Will Success Spoil Rock Hunter? (1957)

Frank Tashlin had a major hit in 1956 with The Girl Can’t Help It so making another film the following year with star Jayne Mansfield must have seemed like a great idea. And it was. In fact Will Success Spoil Rock Hunter? is possibly even better than The Girl Can’t Help It.

Rockwell Hunter (Tony Randall) is a Madison Avenue advertising man. He’s a fair way down the pecking order. He writes lyrics for singing commercials but his boss is convinced that singing commercials have had their day. In fact he is convinced that the agency has had its day since it’s on the verge of losing its biggest account, the Stay-Put Lipstick account. That means Rockwell Hunter will soon be out of a job, unless he can come up with a sensational idea.

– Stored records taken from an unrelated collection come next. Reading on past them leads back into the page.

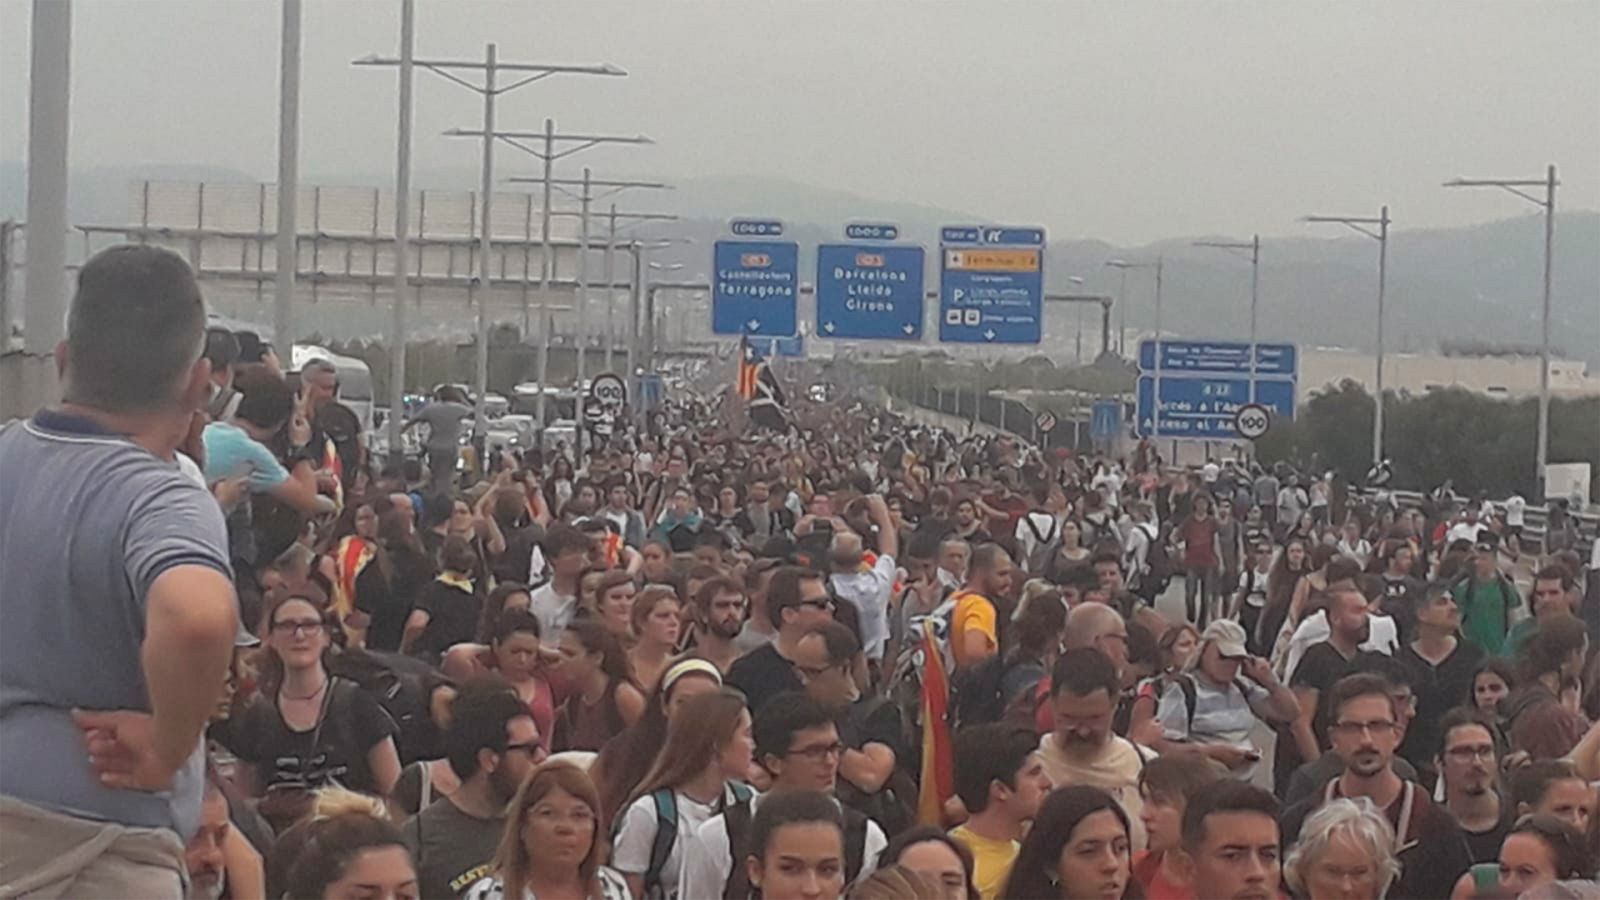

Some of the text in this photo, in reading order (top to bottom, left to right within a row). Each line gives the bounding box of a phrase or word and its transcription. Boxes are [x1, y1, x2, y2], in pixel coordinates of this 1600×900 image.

[848, 226, 880, 237] 1000
[834, 267, 906, 281] Barcelona
[719, 282, 792, 298] Tarragona
[847, 283, 892, 296] Lleida
[846, 299, 894, 311] Girona
[597, 386, 621, 399] 100
[1240, 416, 1265, 429] 100

And he does. His teenage daughter is president of the local branch of the Rita Marlowe Fan Club. Rita Marlowe (Jayne Mansfield) being the biggest movie star of the moment. Rita’s second most spectacular assets are her famous kissable lips, so a campaign featuring her might well save the agency and Rockwell’s job. Of course the difficulty is that Rita is currently in hiding in New York, but Rockwell’s teenage daughter happens to know where she is. But will she agree to be the Stay-Put Lipstick girl?



As it happens, at the exact moment Rockwell walks into her hotel suite Rita Marlowe needs a man desperately. She needs a man to make her boyfriend Bobo (Mickey Hargitay, soon to become Jayne Mansfield’s real-life husband) jealous. Bobo is the star of a jungle boy TV series, but he walked out on her, and nobody can walk out on Rita Marlowe. So, in exchange for her doing the lipstick campaign, Rockwell pretends to be her new love. This turns out to be a rather exhausting occupation. Apart from the fact that after kissing Rita Marlowe’s famous kissable lips he really needs a week in intensive care there’s the added hazard of Rita’s fans who now pursue him in the street believing him to be the world’s greatest lover.

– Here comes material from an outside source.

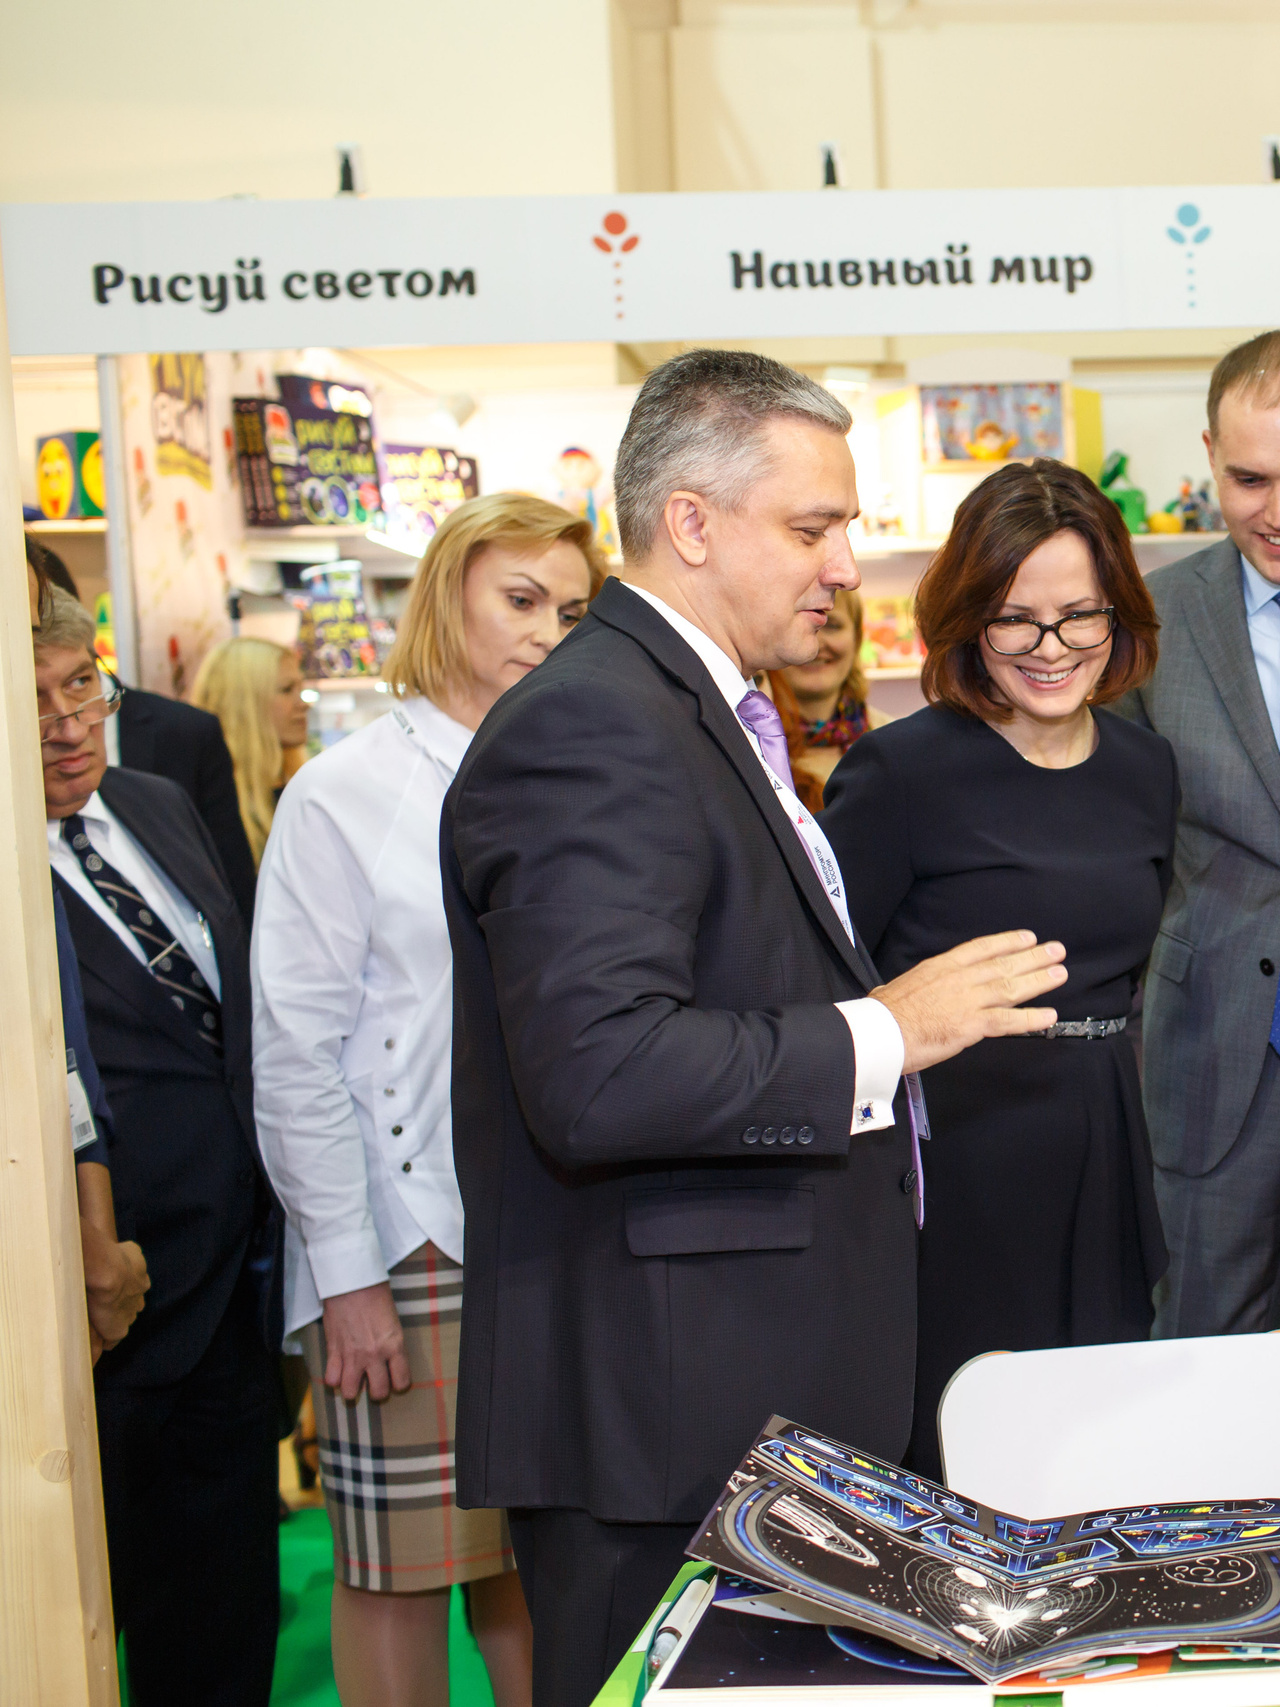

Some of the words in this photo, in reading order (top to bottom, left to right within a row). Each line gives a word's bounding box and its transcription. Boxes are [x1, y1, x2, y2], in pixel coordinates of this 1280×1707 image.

There’s also the problem of the nice girl at the office Rockwell is intending to marry. Rockwell, or Rock as he is no universally known in keeping with his world’s greatest lover reputation, is now internationally famous as Rita’s Lover Doll.



Rock has now achieved success. Not only has he saved the agency and gained a vice-presidency, he has achieved the goal that he has always dreamed of - the key to the executive washroom, the ultimate symbol of success. But strangely enough, success isn’t what he expected. And he discovers that success isn’t the guarantee of happiness for anyone. Even the owner of the agency, Irving La Salle Jr himself, has found success to be a disappointment. He just wanted to grow prize roses. Could it be that success is not all it’s cracked up to be?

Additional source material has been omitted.